__About this exercise__
Locate the line that contains "this 1600×1067 image.". Copy it and every following line through the end of the records, exactly, and include nothing else.

__Supplied entries__
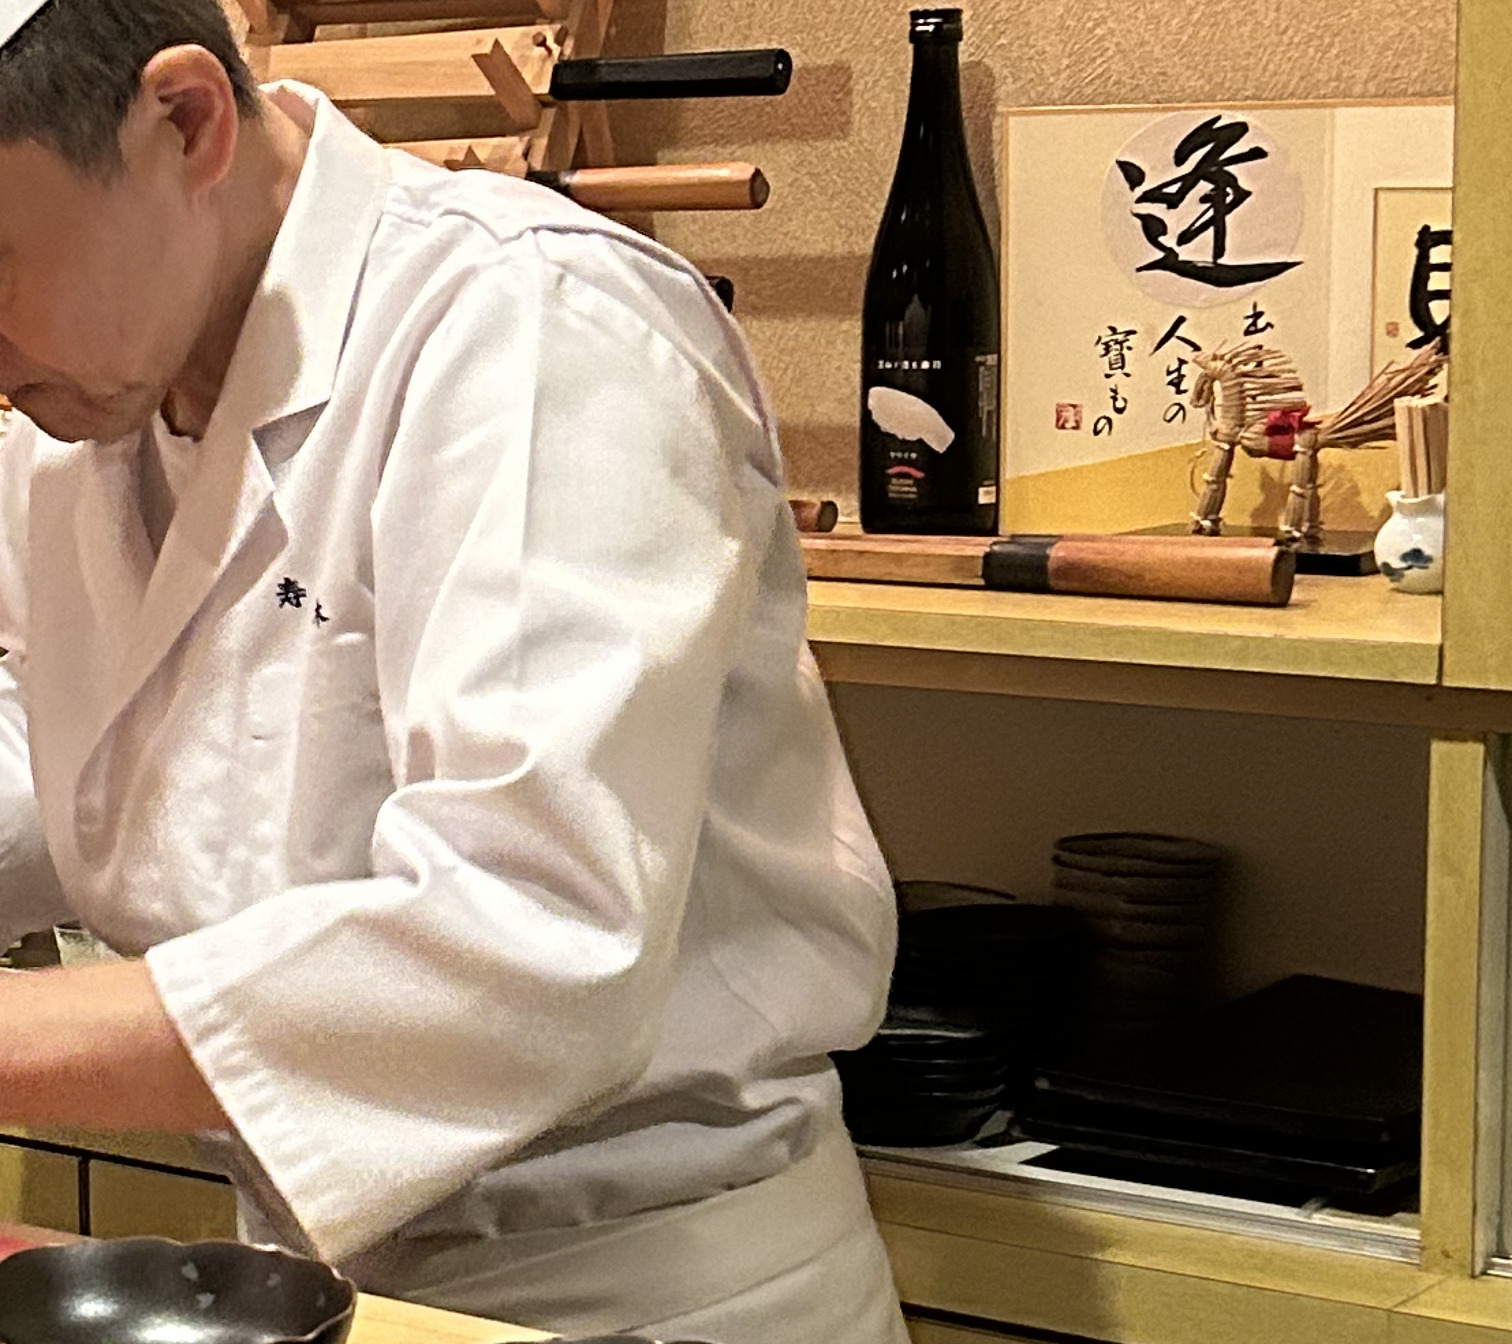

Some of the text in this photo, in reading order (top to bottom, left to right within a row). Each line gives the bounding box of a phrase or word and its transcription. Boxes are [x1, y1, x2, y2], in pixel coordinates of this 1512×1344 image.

[1115, 114, 1304, 288] 逢
[1149, 314, 1203, 424] 人生の
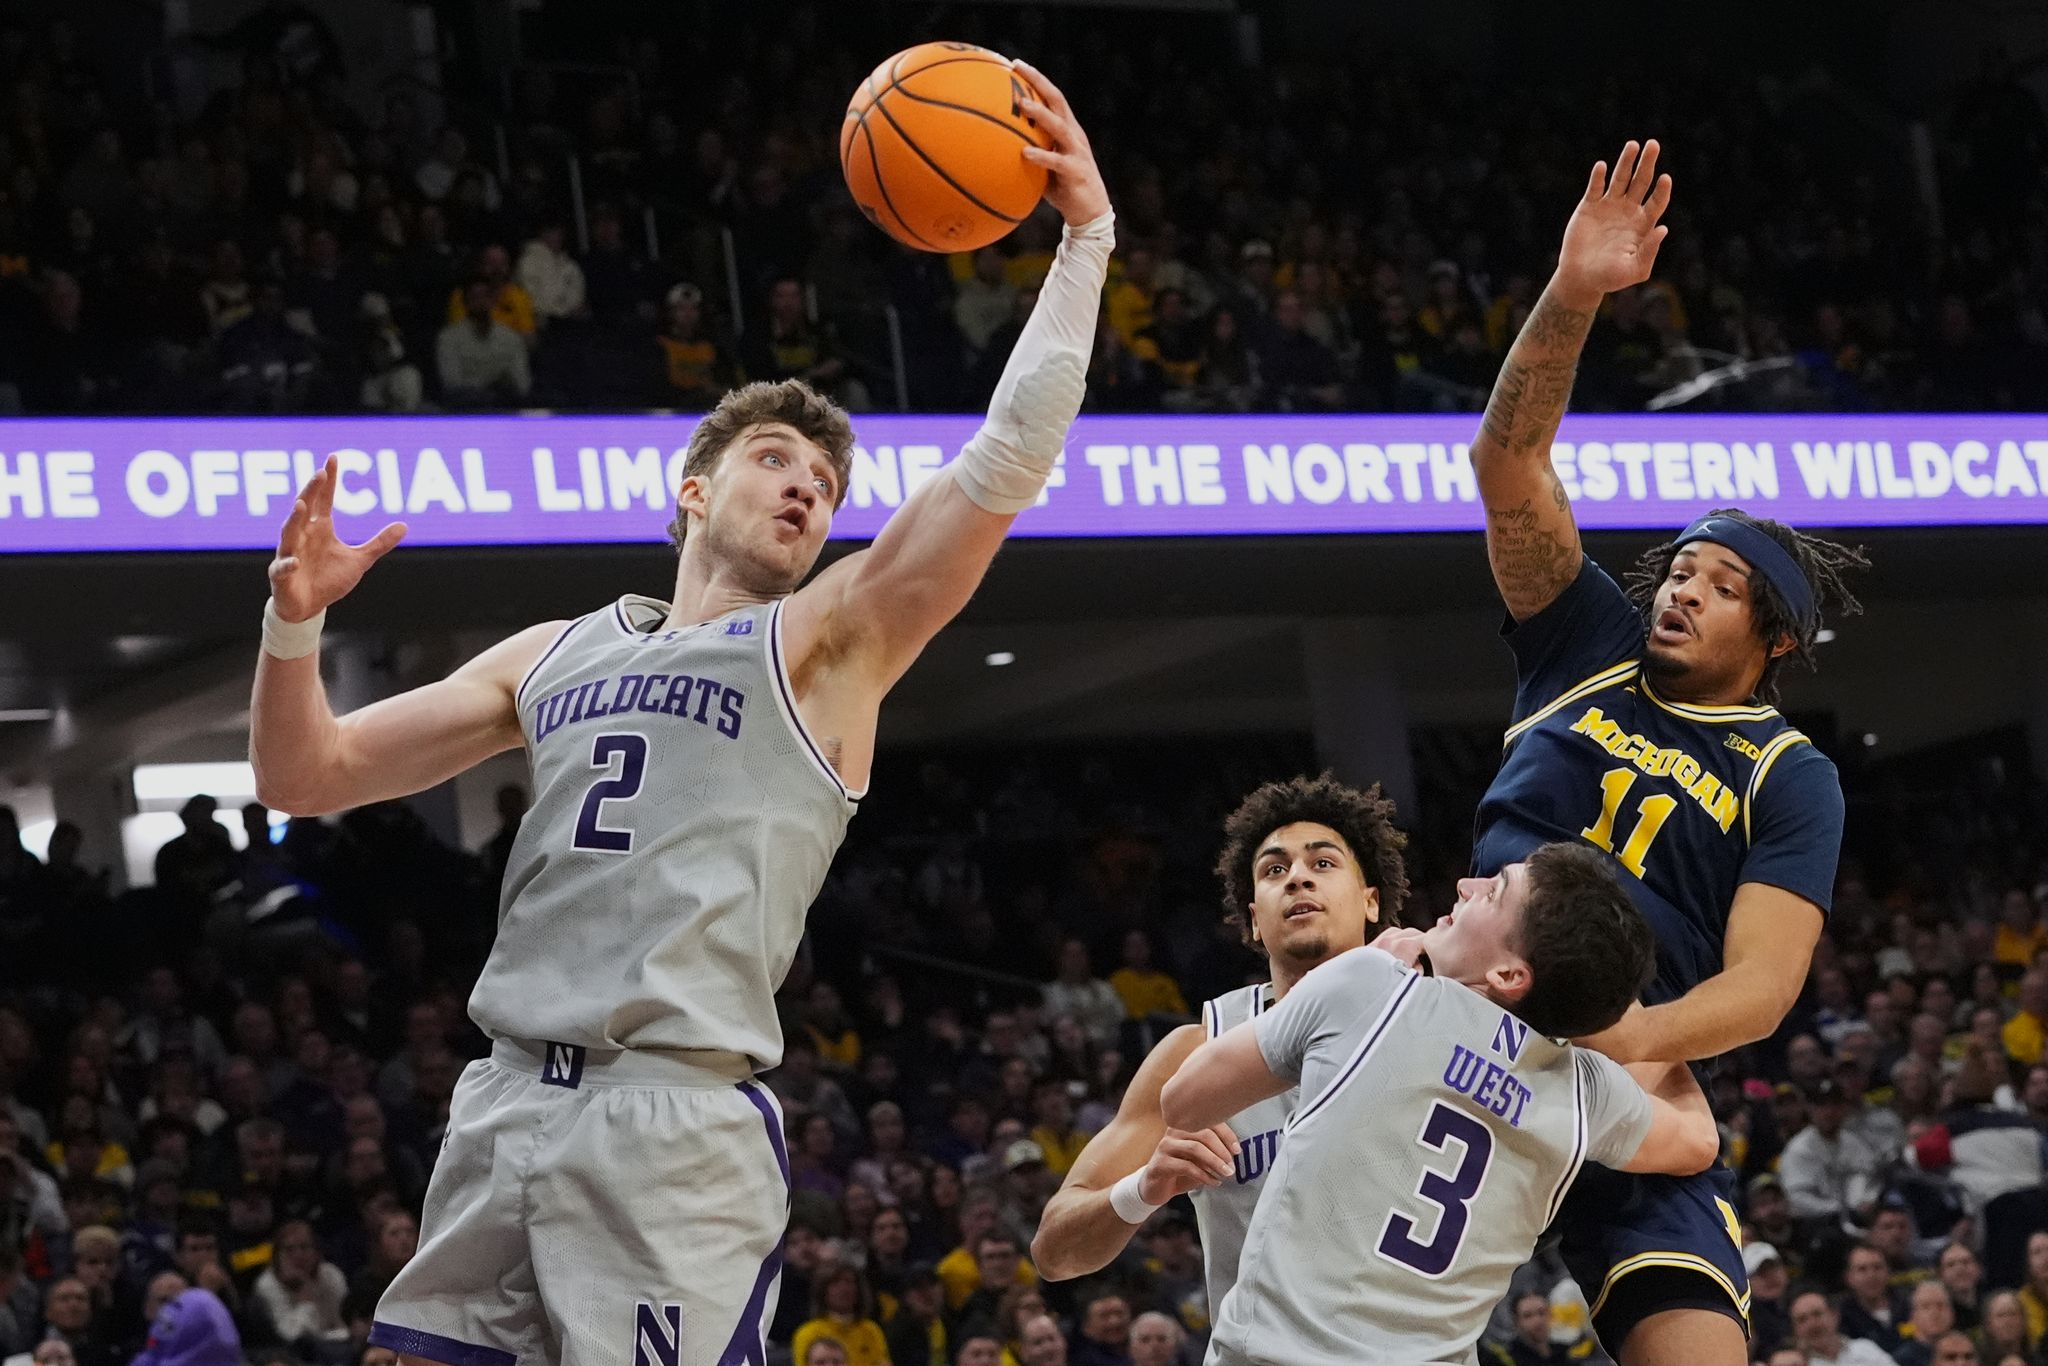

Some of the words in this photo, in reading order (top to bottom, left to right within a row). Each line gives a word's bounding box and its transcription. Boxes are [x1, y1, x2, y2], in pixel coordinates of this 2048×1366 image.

[125, 447, 512, 517] OFFICIAL
[1085, 444, 1227, 508] THE
[1242, 442, 1781, 504] NORTHESTERN
[534, 673, 745, 744] WILDCATS
[570, 731, 650, 855] 2
[1569, 706, 1739, 835] MICHIGAN
[1580, 766, 1678, 880] 11
[551, 1046, 574, 1080] N
[1490, 1011, 1528, 1064] N
[1443, 1044, 1533, 1128] WEST
[1374, 1097, 1496, 1281] 3
[634, 1302, 683, 1366] N
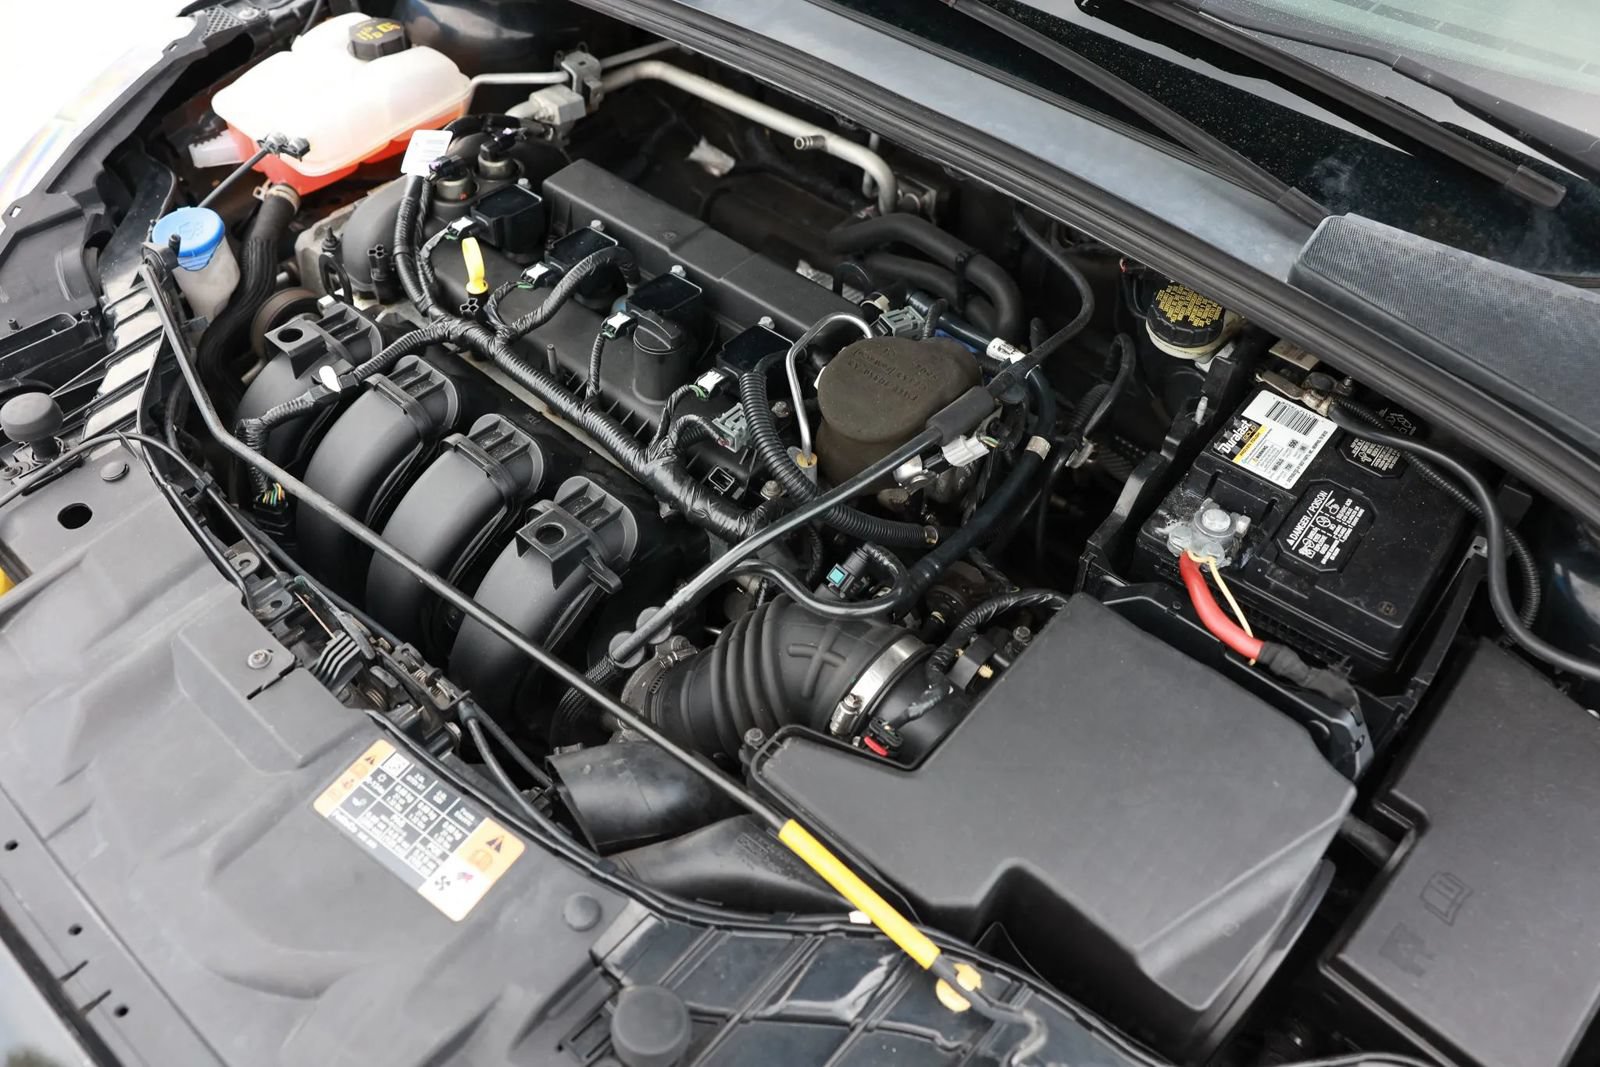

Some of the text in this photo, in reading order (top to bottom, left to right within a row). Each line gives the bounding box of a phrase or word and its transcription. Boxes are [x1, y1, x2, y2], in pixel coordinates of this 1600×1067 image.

[1217, 419, 1252, 454] Duralast
[1243, 425, 1257, 441] GOLD
[1289, 515, 1311, 541] DANGER
[1308, 490, 1328, 513] POISON

__Written response__
Some of the text in this photo, in reading order (top to bottom, left to right within a row). Each line gives the bounding box of a phrase or word and its transcription. Boxes are [x1, y1, x2, y2], in pixel coordinates of this 1600×1067 image.

[1217, 419, 1252, 454] Duralast
[1243, 425, 1257, 441] GOLD
[1289, 515, 1311, 541] DANGER
[1308, 490, 1328, 513] POISON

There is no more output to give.